= TASK STATEMENT =
Write out each line of the listing as it stands, without the images.
((
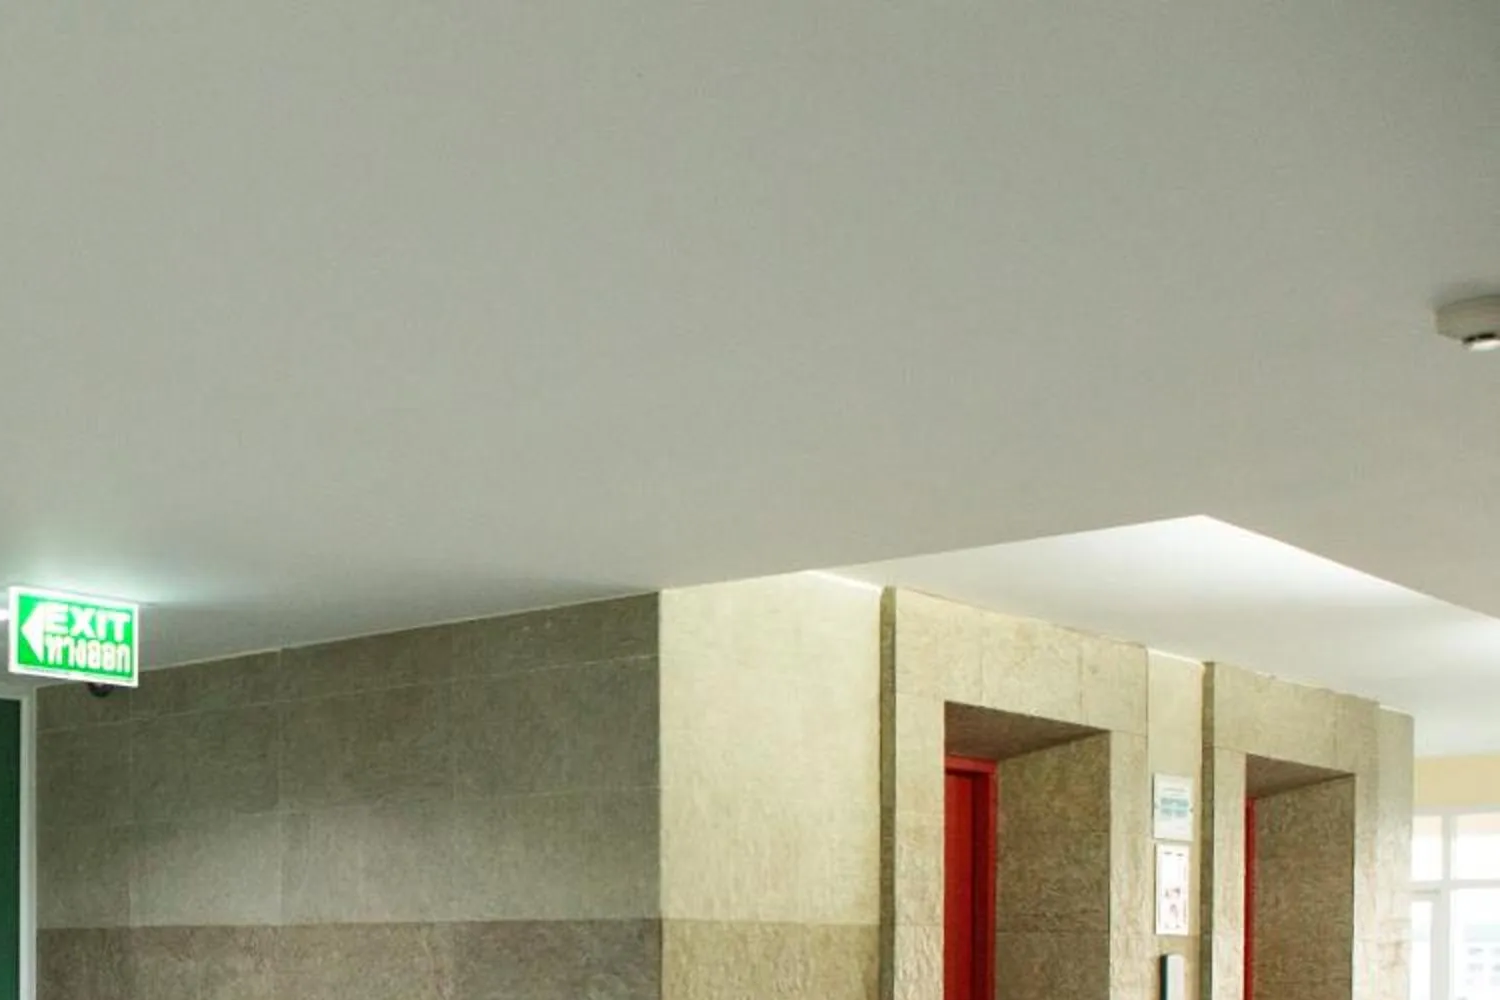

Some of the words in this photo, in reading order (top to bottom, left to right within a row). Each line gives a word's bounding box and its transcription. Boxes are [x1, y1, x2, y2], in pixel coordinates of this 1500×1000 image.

[44, 602, 132, 642] EXIT
[45, 634, 131, 673] ทางออก
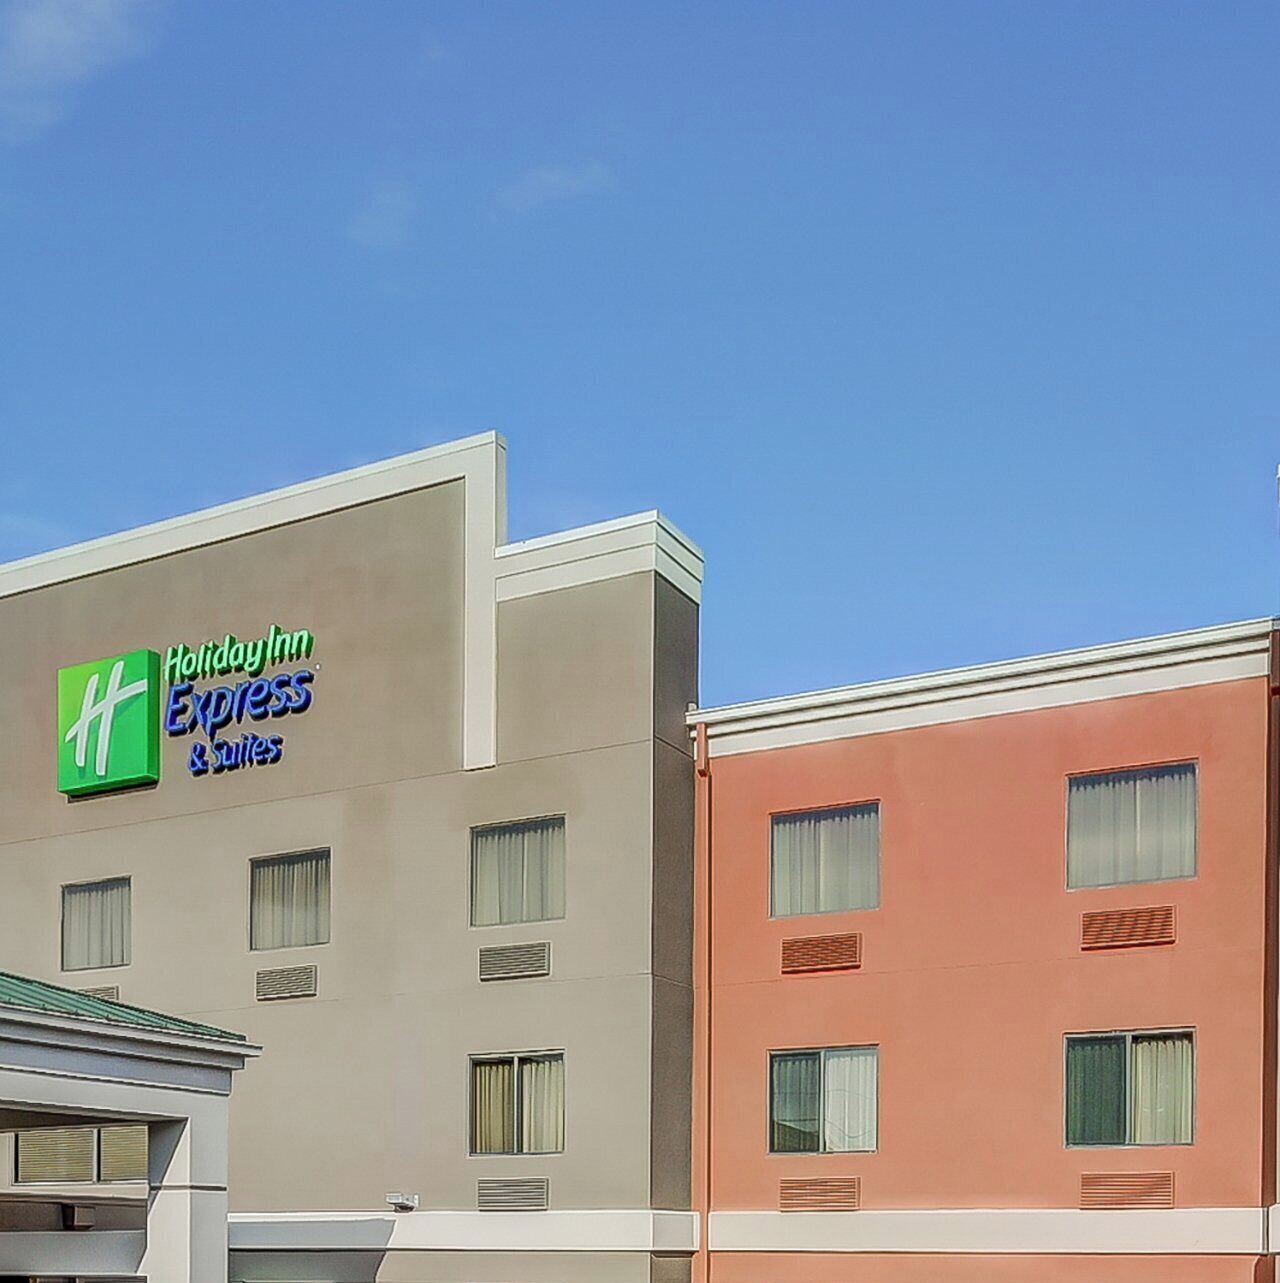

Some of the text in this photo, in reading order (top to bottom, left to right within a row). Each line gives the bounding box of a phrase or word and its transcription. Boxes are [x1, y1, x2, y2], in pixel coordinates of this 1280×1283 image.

[164, 624, 314, 681] Holiday Inn
[164, 669, 315, 740] Express
[187, 731, 284, 777] & Suites
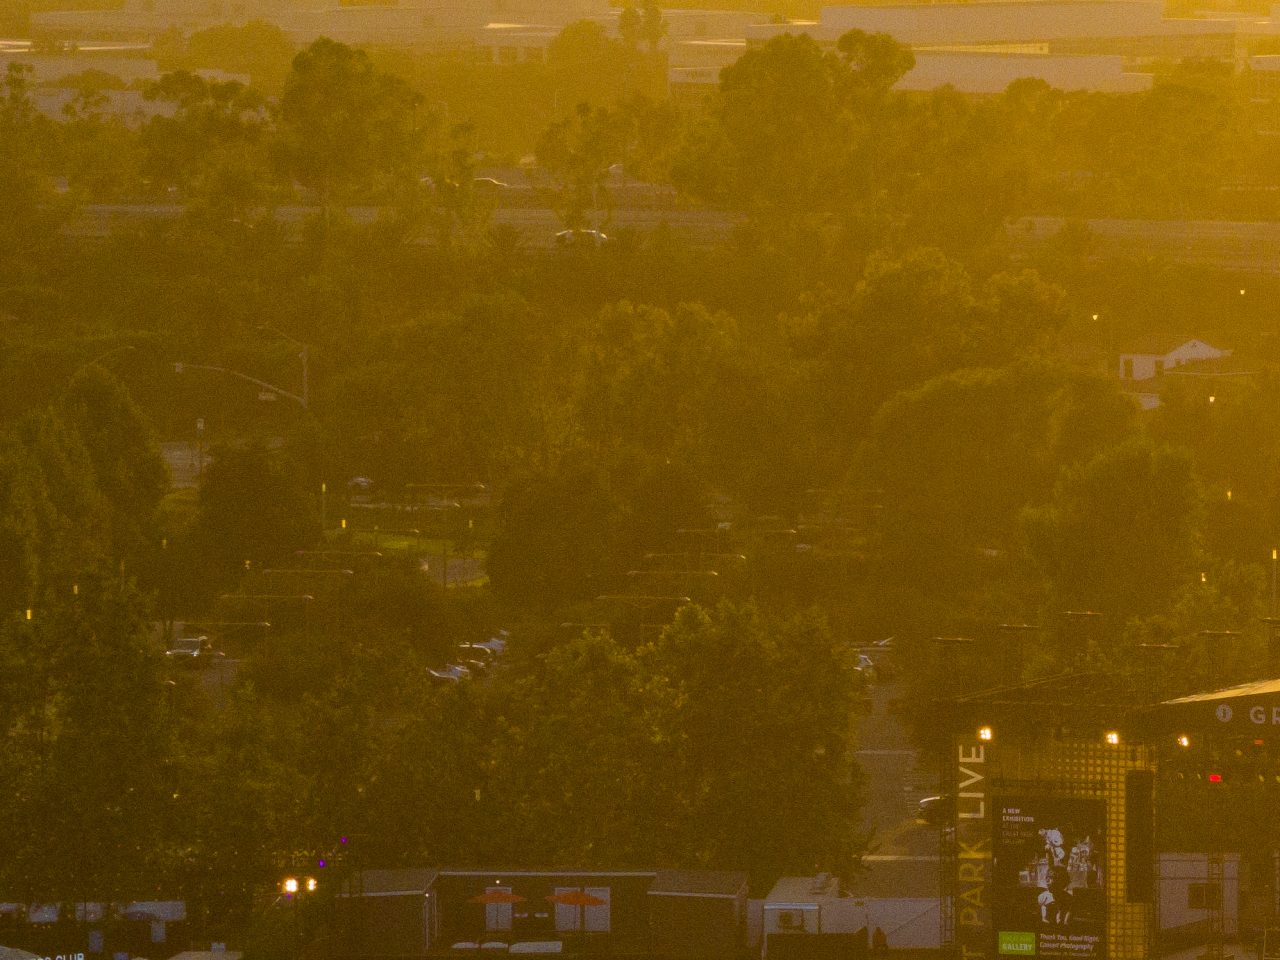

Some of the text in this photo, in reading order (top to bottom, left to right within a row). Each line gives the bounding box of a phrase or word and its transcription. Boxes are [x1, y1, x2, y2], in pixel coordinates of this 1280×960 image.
))
= EXERCISE SOLUTION =
Some of the words in this photo, in reading order (top to bottom, left to right within a row). Each line gives a word's bounding box and its transcription. Boxes are [x1, y1, x2, y2], in pixel coordinates of this 1500×1000 image.

[44, 602, 132, 642] EXIT
[45, 634, 131, 673] ทางออก

Some of the text in this photo, in reading order (top to bottom, left to right within a row). Each line gives the bounding box of a phrase or word and its transcription. Boxes are [x1, y1, x2, y2], in pixel coordinates of this 1280×1283 image.

[164, 624, 314, 681] Holiday Inn
[164, 669, 315, 740] Express
[187, 731, 284, 777] & Suites

Some of the text in this photo, in reading order (top to bottom, left to right within a row). Each line gives the bounding box of a phrase or word and its transcription. Boxes are [x1, y1, x2, y2], in pixel coordinates of this 1280×960 image.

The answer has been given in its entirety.